# Recorded information
※

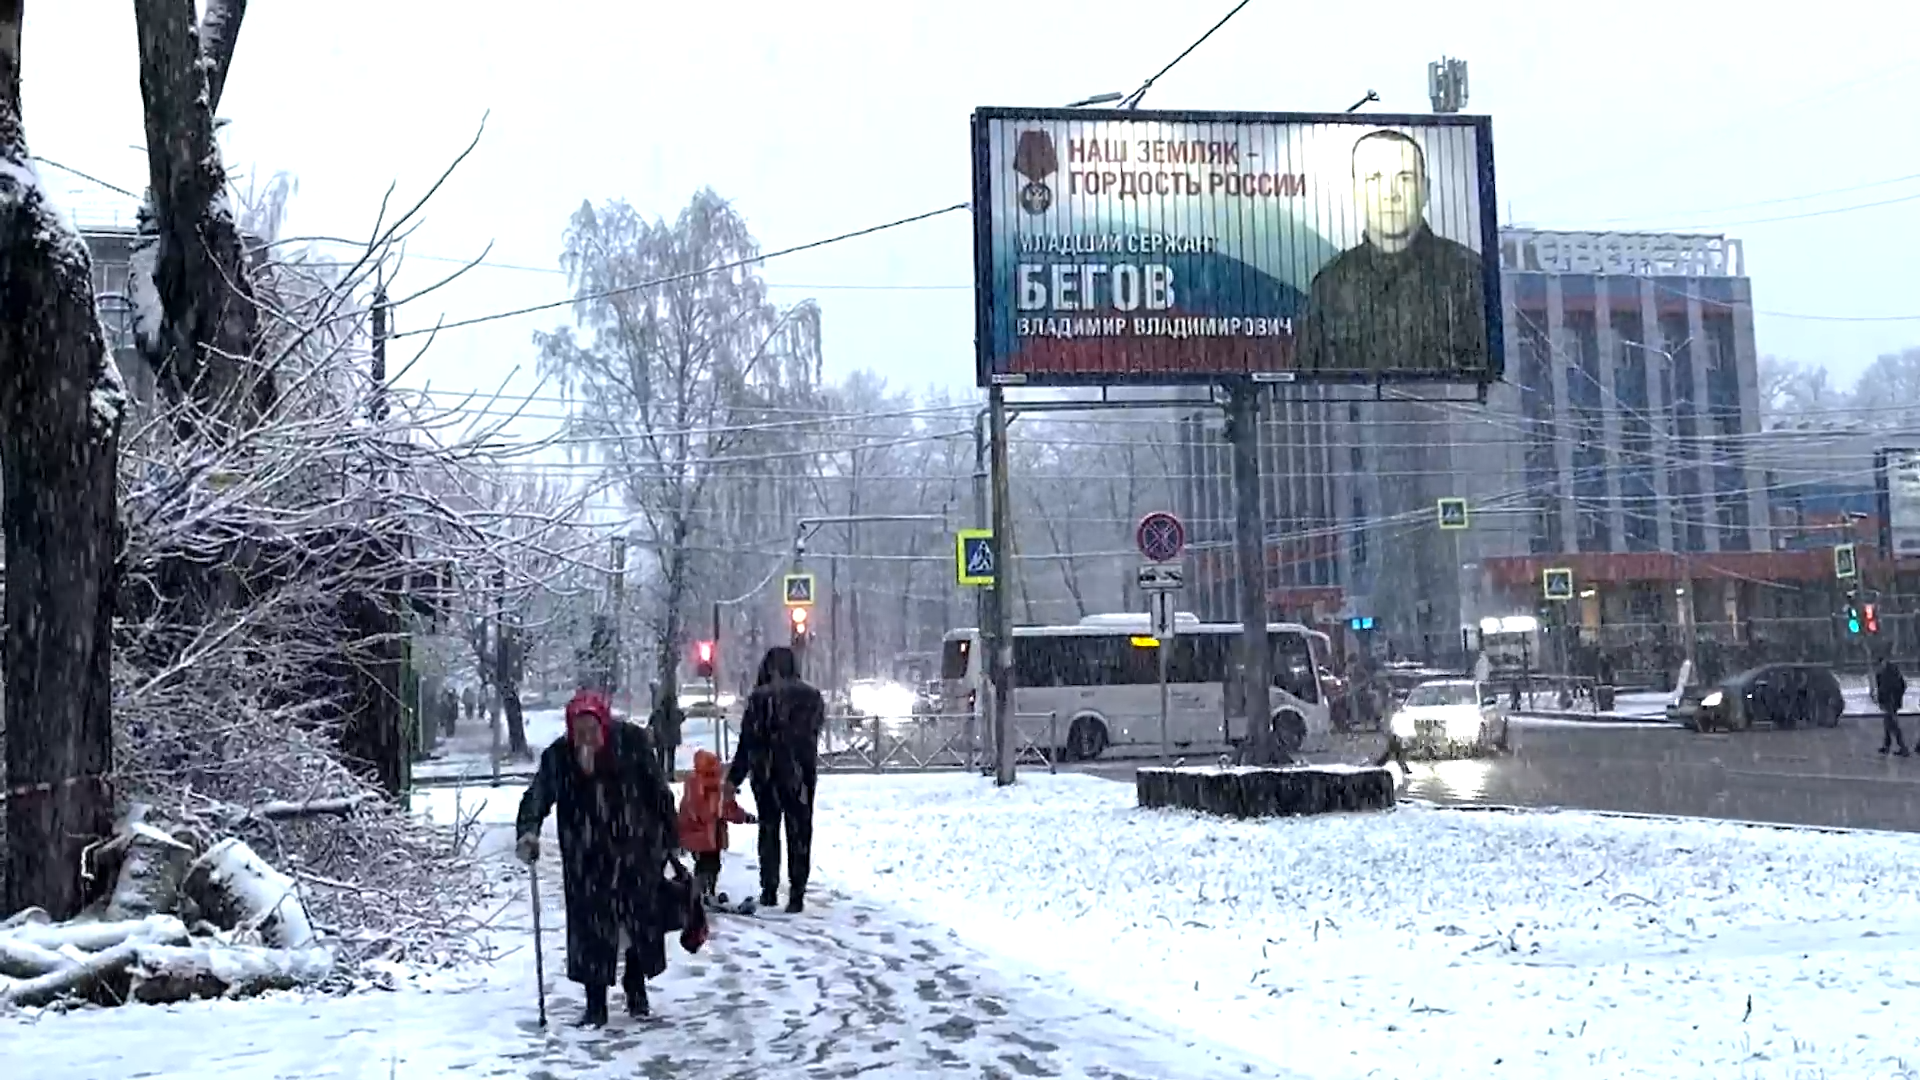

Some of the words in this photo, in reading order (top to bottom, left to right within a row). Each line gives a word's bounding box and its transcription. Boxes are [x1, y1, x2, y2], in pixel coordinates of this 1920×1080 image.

[1070, 138, 1127, 164] НАШ
[1137, 139, 1240, 165] ЗЕМЛЯК
[1070, 171, 1201, 200] ГОРДОСТЬ
[1208, 172, 1307, 197] РОССИИ
[1017, 262, 1175, 312] БЕГОВ
[1017, 317, 1126, 338] ВЛАДИМИР
[1134, 317, 1293, 337] ВЛАДИМИРОВИЧ

※

# Exercise objective
Where an entry holds a picture, drop it and transcribe everything else exactly.

# Worked solution
Some of the words in this photo, in reading order (top to bottom, left to right within a row). Each line gives a word's bounding box and its transcription. Boxes are [x1, y1, x2, y2], in pixel coordinates of this 1920×1080 image.

[1070, 138, 1127, 164] НАШ
[1137, 139, 1240, 165] ЗЕМЛЯК
[1070, 171, 1201, 200] ГОРДОСТЬ
[1208, 172, 1307, 197] РОССИИ
[1017, 262, 1175, 312] БЕГОВ
[1017, 317, 1126, 338] ВЛАДИМИР
[1134, 317, 1293, 337] ВЛАДИМИРОВИЧ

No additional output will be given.